Plant Structure and Function
Why We Care About Plants
Food: A major way we use plants. Even animals we eat consume plants.
Fuel: Wood for campfires/stoves; fossil fuels (oil, coal) originate from ancient plants.
Fibers: Materials like cotton, bamboo, hemp for clothing and construction.
Construction: Building houses, furniture.
Aesthetics: Used to beautify spaces.
Medicine: Pharmaceuticals (e.g., morphine from poppies) and traditional medicines.
Plant Evolution and Domestication
Domestication: Adapting wild plants/animals for human use, reflecting genetic changes.
Artificial Selection: Humans interfere with crop evolution.
Domestication is beneficial to the plant (increased reproductive success) and humans.
Plant evolution: Mosses → club mosses → ferns → gymnosperms (conifers, seeds) → angiosperms (flowering plants, flowers, fruits).
Monocots vs. Dicots (Eudicots)
Monocots: One cotyledon in the seed. E.g., grasses like wheat, barley, oats, rice.
Dicots (Eudicots): Two cotyledons in the seed. E.g., canola, legumes.
Monocot flowers: Parts in multiples of three (e.g., 6 petals).
Dicot flowers: Parts in multiples of four or five (e.g., 4 petals on canola).
Monocots: Parallel veins in leaves (e.g., maize).
Dicots: Reticulate (net-like) venation.
Monocots: Fibrous root system.
Dicots: Taproot system (e.g., carrot).
Stems: Monocots have scattered vascular bundles; dicots have organized rings.
Plant Structure
Organized into cells, tissues, and organs with specialized functions.
Shoot system (above ground): Photosynthesis in green leaves/stems.
Root system (below ground): Acquiring nutrients and water.
Growth occurs at meristems (shoot apical, root apical, cambiums).
Shoot/root apical meristems: Make plant grow longer.
Cambiums: Make plant grow wider.
Meristems contain undifferentiated cells with potential to become any cell type.
Primary meristems: Lengthen plant (shoot/root apical meristems).
Secondary meristems: Widen plant (cambiums).
Three tissue systems: Dermal (outermost), vascular (innermost, carries water/sugars), and ground tissue (between).
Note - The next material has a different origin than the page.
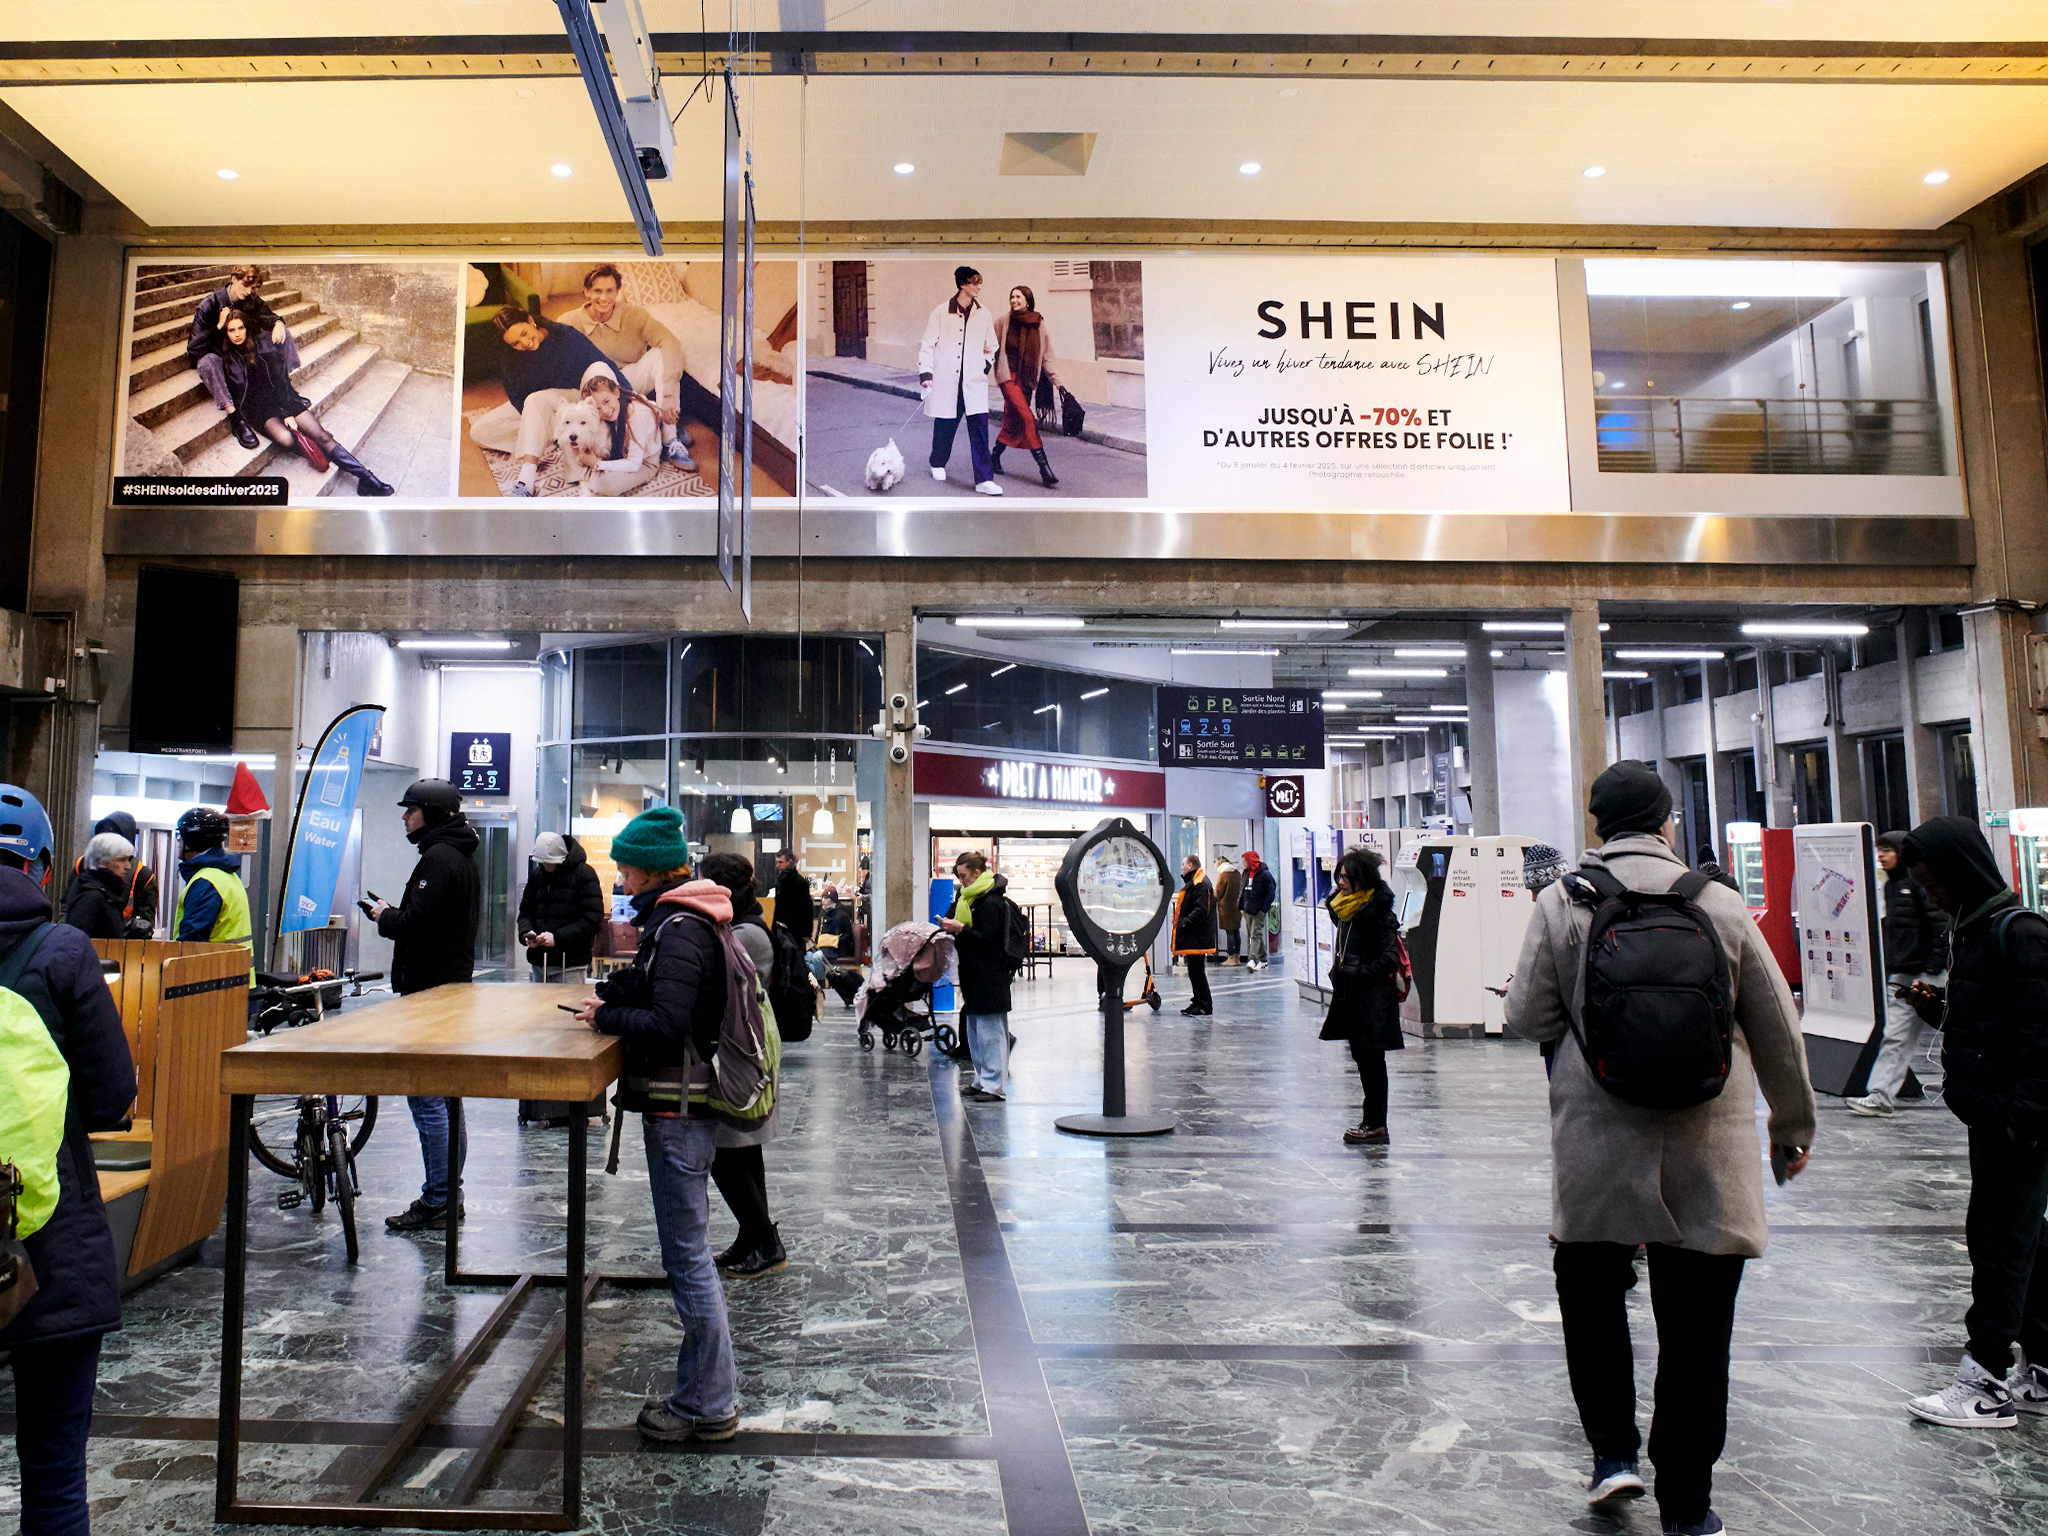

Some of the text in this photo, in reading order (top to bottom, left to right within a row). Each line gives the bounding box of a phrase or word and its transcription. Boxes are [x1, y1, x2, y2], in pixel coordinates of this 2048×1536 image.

Three general cell types: Parenchyma (does work), collenchyma (supportive), and sclerenchyma (tough, protective).
Plant Organs: Roots
Regulate and provide water/nutrient uptake.
Anchor the plant.
Food storage (e.g., carrot).
Site of beneficial microbial interactions.
Dicots: Taproot system.
Monocots: Fibrous root system.
Root structure: Root cap, meristematic zone, elongation zone, maturation zone.
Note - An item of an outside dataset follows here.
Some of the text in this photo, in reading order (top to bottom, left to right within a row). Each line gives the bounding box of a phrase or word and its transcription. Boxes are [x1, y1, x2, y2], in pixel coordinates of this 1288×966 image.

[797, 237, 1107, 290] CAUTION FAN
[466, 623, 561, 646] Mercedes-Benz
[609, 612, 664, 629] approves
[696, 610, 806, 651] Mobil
Maximize surface area with lateral roots and root hairs.
Vascular tissue is in the middle.
Phloem: Moves sugar.
Xylem: Moves water.
Stems
Support and height for leaves.
Site of new above-ground growth.
Transport water and sugars.
Sometimes a storage organ; sometimes performs photosynthesis.
Highway for xylem and phloem.
Arranged into phytomers (leaf, bud, internode, node).
Dicots/Monocots: Differ in stem structure.
Vascular cambium creates new vascular growth (xylem/phloem).
Leaves
Site of photosynthesis.
Flat, green to maximize light capture.
Blade (lamina): Surface of the leaf.
Petiole: Connects leaf to stem.
Midrib: Main rib in the middle.
Dicots: Reticulate venation.
Monocots: Unique leaf structure with a sheath that wraps around the stem.
Leaf Anatomy: Thin, horizontal, mesophyll cells with chloroplasts. Cuticle for water conservation; stomata for gas exchange.
Stomata: Pores that let in carbon dioxide and let out water and oxygen, made of two guard cells. The opening is called the stomatal pore.